This page in my altered book journal, My Mother’s Prayers, is called, A Prayer for My Inner Child — it became 3 prayers, one for my inner child, my present me and my future me. My mother always lit candles for her children, particularly when something was going on in our lives. I’m pretty sure, 34 years ago she burnt a candle and prayed for Alexis every day.

A Prayer for My Inner Child
May you always feel safe in my arms of Love, free to run with abandon in the garden of dreams blossoming in my heart. May you never fear that I will desert you or put you at risk. May you know peace within me.
A Prayer for My Present Self
May courage be my constant companion, drawing me deeper and deeper into the great mystery of life where I am bound in sacred partnership within the luminous present opening my heart to Love always.
A Prayer for My Future Self
May you feel deeply and passionately connected to the exquisite nature and intimacy of the whole dancing fearlessly in the ephemeral nature of the embodied present. May you dance with life, falling forever into Love.
And so it was.
And so it is.
And so it will be.
Forever and Always.

Do You Believe In Yourself?

“Softly, her dreams took flight on the wings of hope that believing in herself was all she needed to make her dreams come true. And they did.” – Altered Book Journal. “My Mother’s Prayers” two-page spread.

We all have dreams. Big ones. Little ones. Quiet ones. Loud, audacious ones. Dreams of living lives of wonder. Dreams of great adventure. Dreams of discovering far off lands, of creating stories of greatness in our lives.
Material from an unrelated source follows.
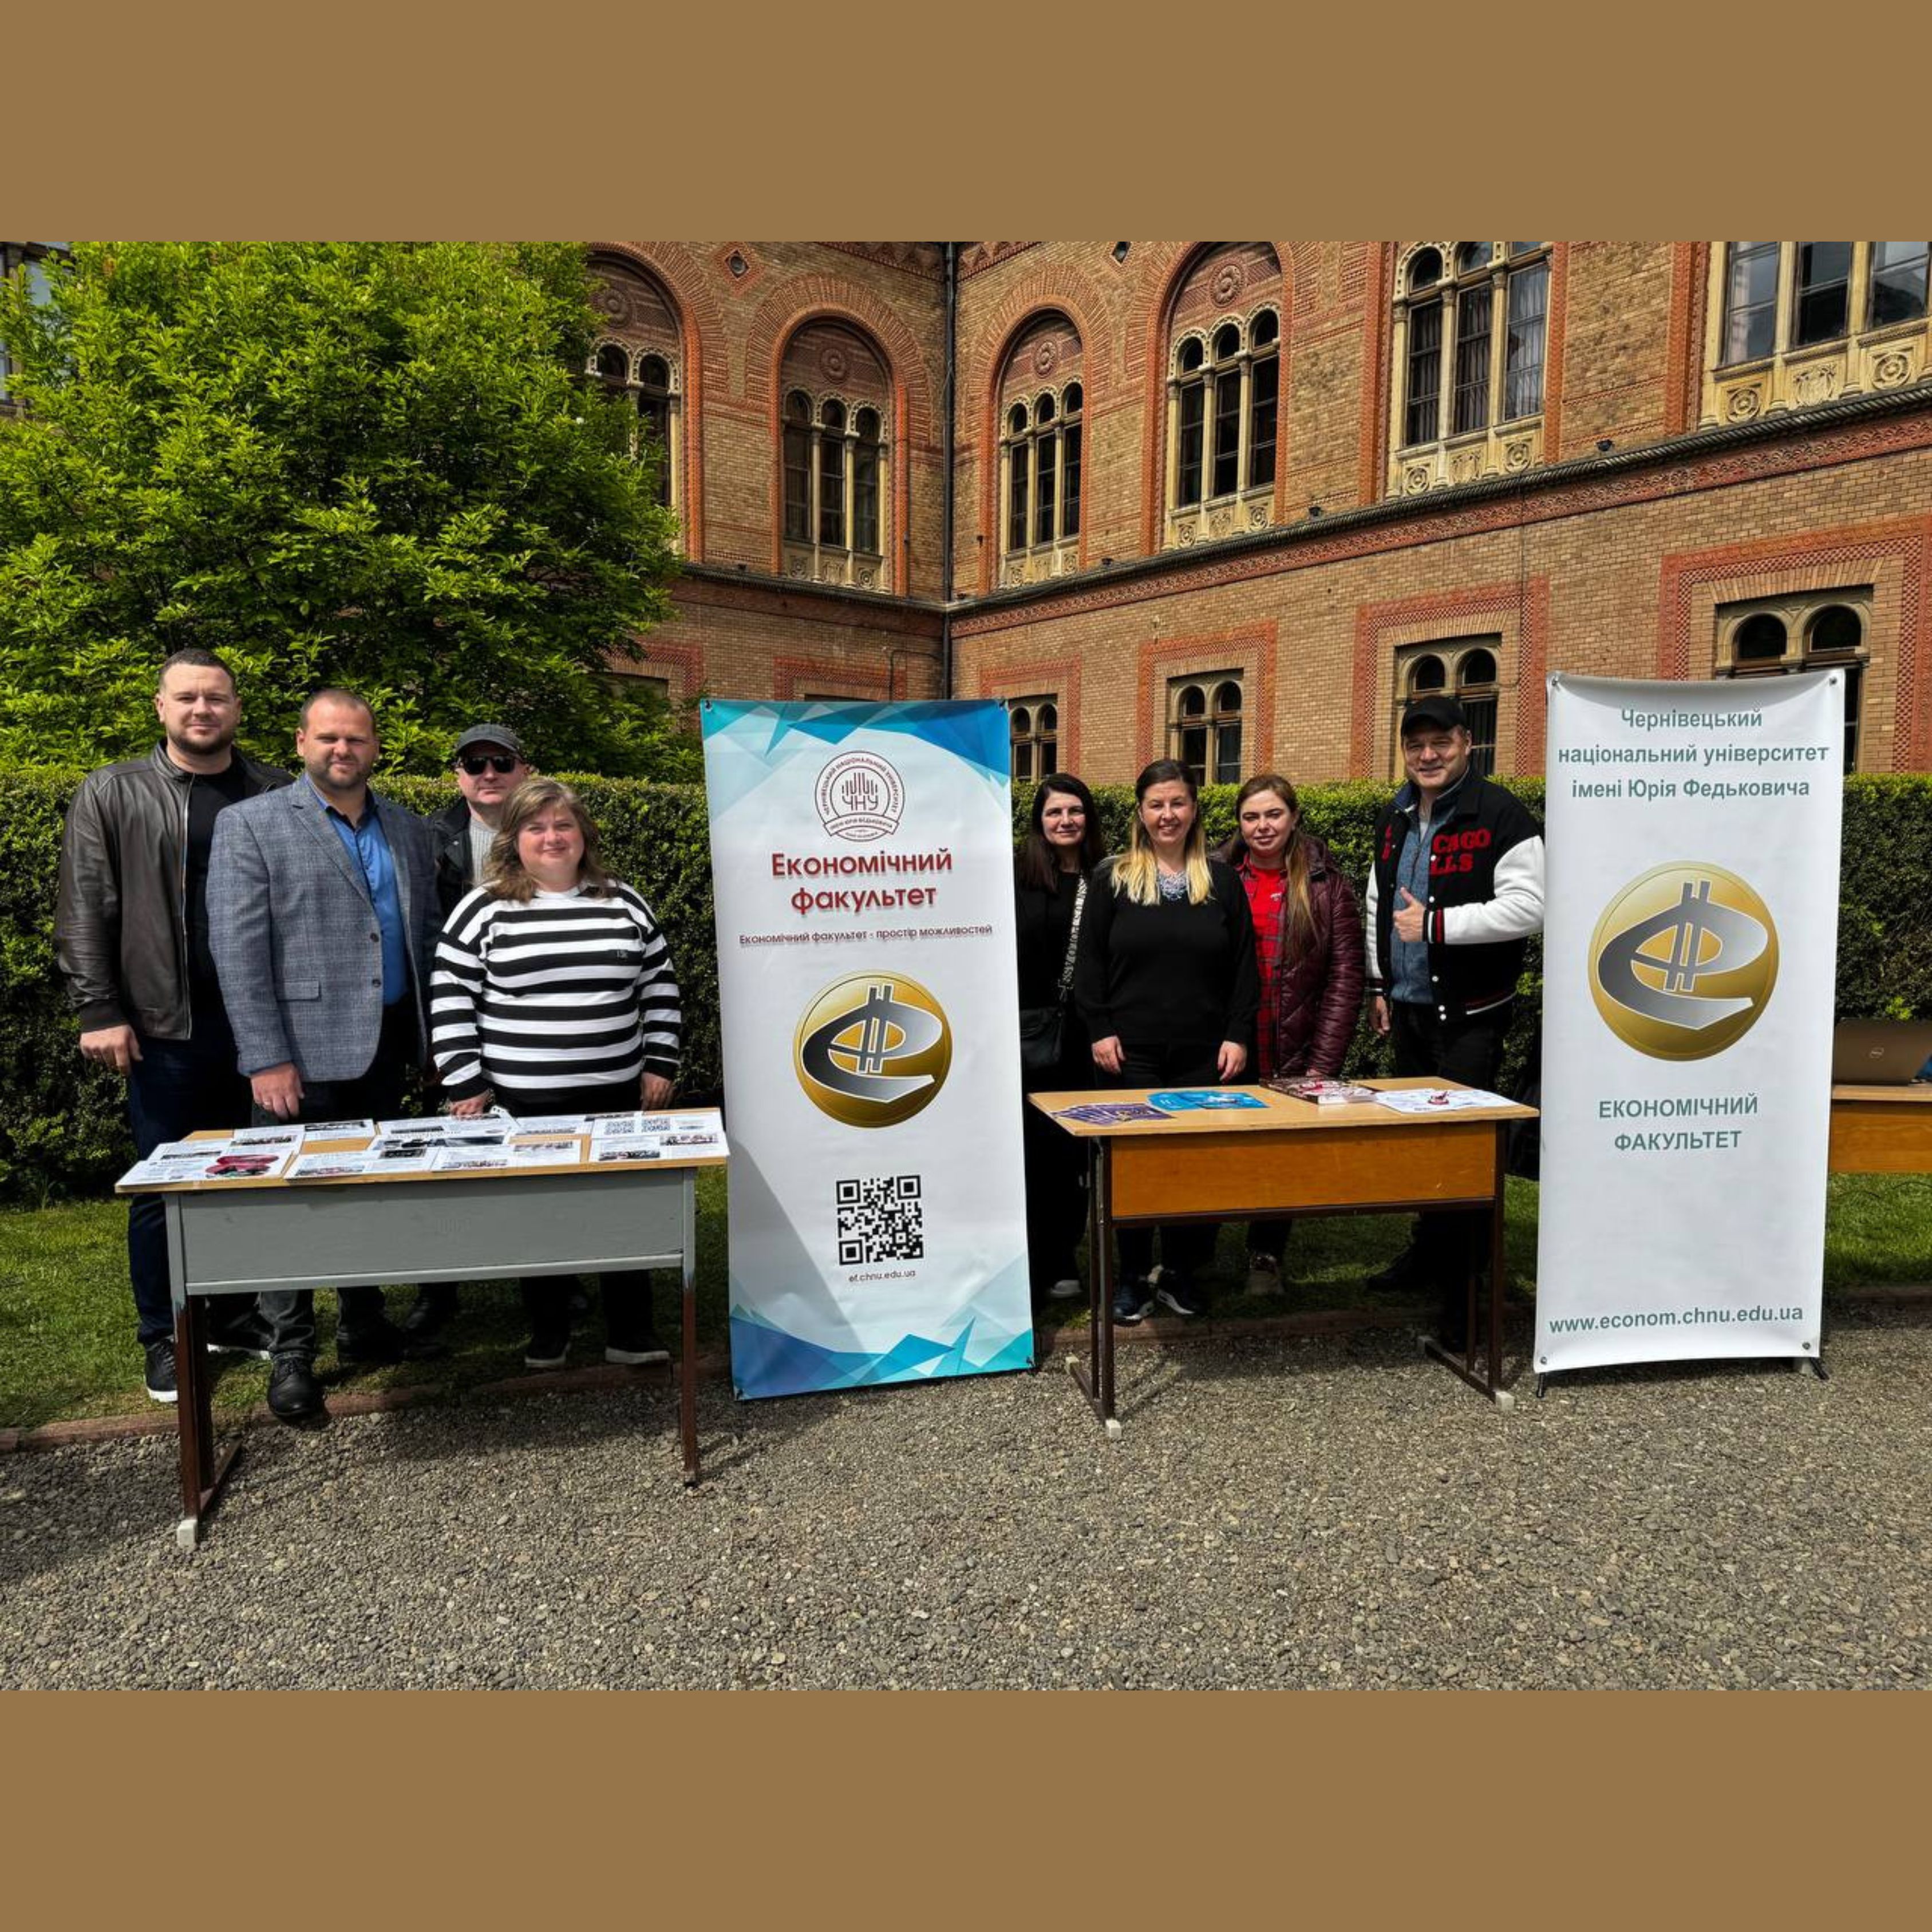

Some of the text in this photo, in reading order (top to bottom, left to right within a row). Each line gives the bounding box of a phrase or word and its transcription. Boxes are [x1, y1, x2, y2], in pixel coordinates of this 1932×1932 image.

Sometimes, our dreams come true. Sometimes, we let them go because life happens.

We fall. We face a wall we cannot climb. We trip over a rock that sends us flat on our back.

In our pain and fear of getting hurt, in our concern others will laugh at us or judge us for our failures, we lock away our dreams and continue on our journey taking the safer path, the road more travelled.

We do okay. We create a ‘good enough life’. It’s just not the life we once dreamed of. But that’s okay, we say. Dreaming is for children. We’re “all grown up now”. We have responsibilities. Success. Things. Secure inside the comfort zone of the life we’ve created, we forget about our dreams and carry on living our good enough life.

And then, one day, if we’re lucky, something happens to remind us of our dreams. Tentatively. Hopefully. We unlock the cage inside our heart where we tucked away our dreams long ago and peer inside.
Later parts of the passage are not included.